O.J. Simpson Gets Nevada Parole Hearing

CARSON CITY, Nev. (AP) — O.J. Simpson goes before a Nevada parole panel Thursday to plead for leniency in his 2008 kidnapping and robbery case, but even a favorable decision won’t spring the former football star from prison.

Simpson was sentenced to consecutive terms on several charges. But some of his sentences were ordered to run concurrently — two counts each of kidnapping and robbery and one count of burglary. The parole panel will consider those concurrent sentences on Thursday, David Smith, a hearing examiner with the Board of Parole Commissioners, said late Wednesday.

In the event the Nevada Parole Board rules in his favor, he would then begin sentences attached to other charges.

“It doesn’t open the cell door,” H. Leon Simon, the prosecutor handling Simpson’s appeal, said Wednesday. “He’d just start serving the consecutive sentences.”

Simpson’s best chance for freedom lies with a pending decision by a Las Vegas judge on whether to grant him a new trial based on claims that his trial lawyer botched his defense and had a conflict of interest in the case. Clark County District Judge Linda Marie Bell held a weeklong hearing in May on the issue that featured testimony from the 66-year-old former NFL star, who was acquitted of murder in the 1994 slayings of his ex-wife and her friend.
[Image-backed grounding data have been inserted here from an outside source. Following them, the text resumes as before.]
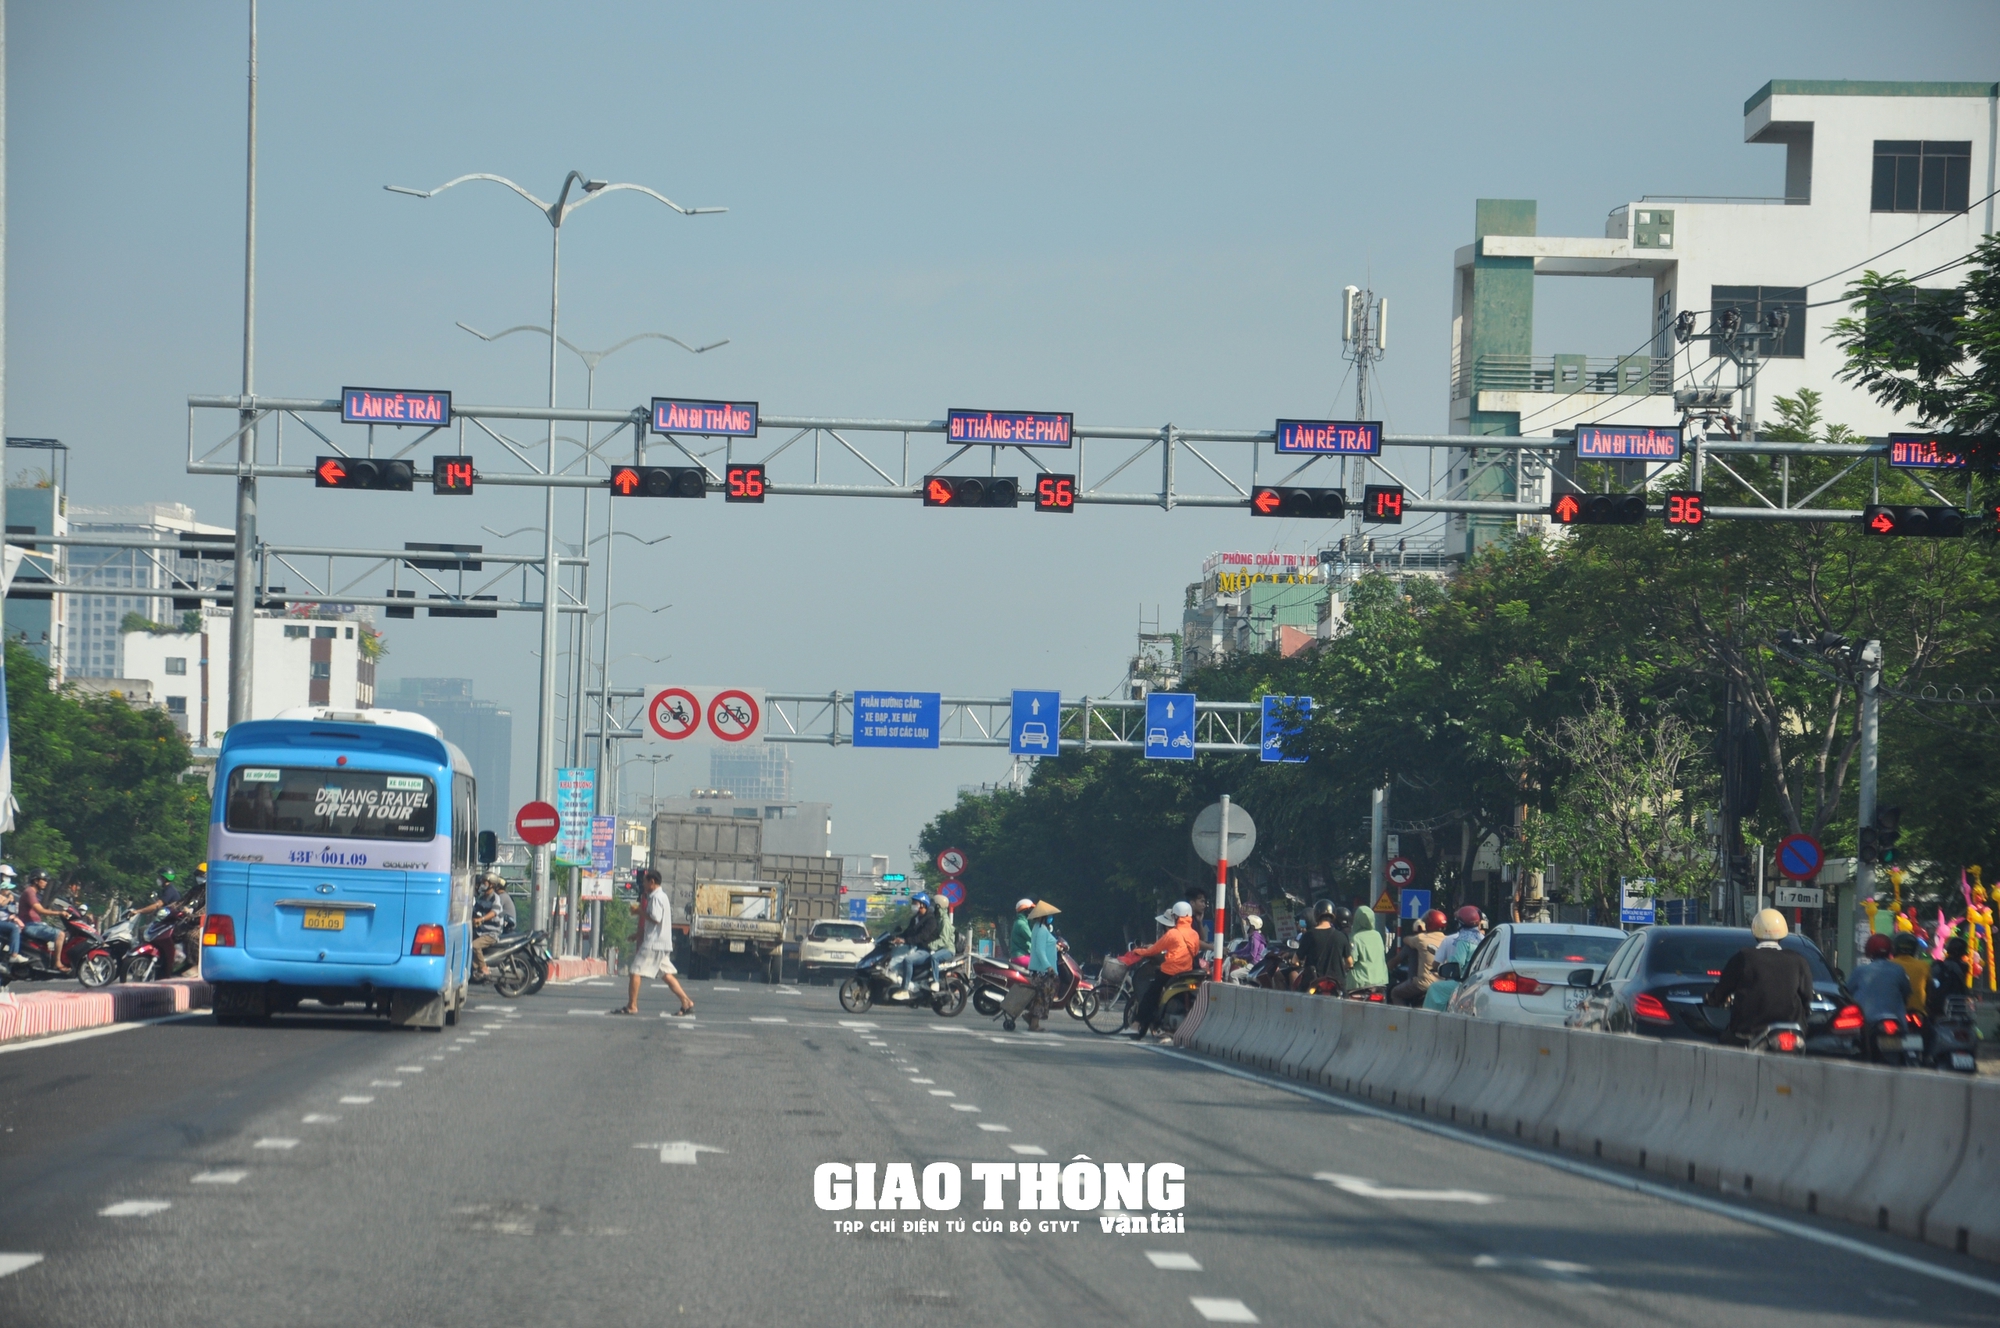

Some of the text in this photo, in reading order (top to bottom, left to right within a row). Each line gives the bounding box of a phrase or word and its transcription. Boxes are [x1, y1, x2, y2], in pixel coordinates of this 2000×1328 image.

[352, 392, 441, 420] LÀN RẼ TRÁI
[658, 403, 688, 428] LÀN
[689, 409, 703, 429] ĐI
[951, 417, 964, 438] ĐI
[1035, 415, 1069, 441] PHẢI
[1285, 424, 1371, 450] LÀN RẼ TRÁI
[1582, 430, 1611, 454] LÀN
[1613, 434, 1626, 454] ĐI
[1893, 442, 1907, 462] ĐI
[446, 463, 471, 487] 14
[728, 469, 763, 497] 56
[1039, 479, 1072, 507] 56
[1377, 493, 1401, 516] 14
[1669, 496, 1702, 523] 36
[865, 712, 873, 722] XE
[892, 713, 900, 723] XE
[901, 711, 917, 723] MÁY
[864, 726, 873, 736] XE
[899, 725, 913, 738] CÁC
[914, 727, 929, 740] LOẠI
[315, 787, 429, 809] DANANG TRAVEL
[314, 802, 414, 820] OPEN TOUR
[288, 850, 367, 866] 43F 001.09
[308, 918, 340, 929] 001.09
A two-member panel in Carson City will hear Simpson’s parole petition Thursday morning. Simpson is scheduled to participate by video conferencing from the Lovelock Correctional Center. Only Simpson, his representatives or victims are allowed to comment. Documents filed as part of the parole hearing are confidential.

The panel is expected to make a recommendation the same day. It will then be forwarded to the seven-member parole board for consideration. Simpson would need four votes for parole approval.

Clark County District Judge Jackie Glass sentenced Simpson in December 2008 to nine to 33 years in prison on charges including first-degree kidnapping and robbery and assault with a deadly weapon.

During a hearing in May, Simpson’s current lawyers, Pamela Palm and Ozzie Fumo, presented evidence and questioned witnesses including trial lawyer Yale Galanter about whether he knew in advance about the September 2007 plan for Simpson and several other men to confront to memorabilia deals in a Las Vegas hotel room.

Simpson argues that he was trying to retrieve items stolen from him after his 1995 “trial of the century” acquittal in Los Angeles.

Bell hasn’t indicated when she plans to issue her decision, but told a KSNV-TV interviewer for a segment aired this week in Las Vegas that she still had “some writing to do.”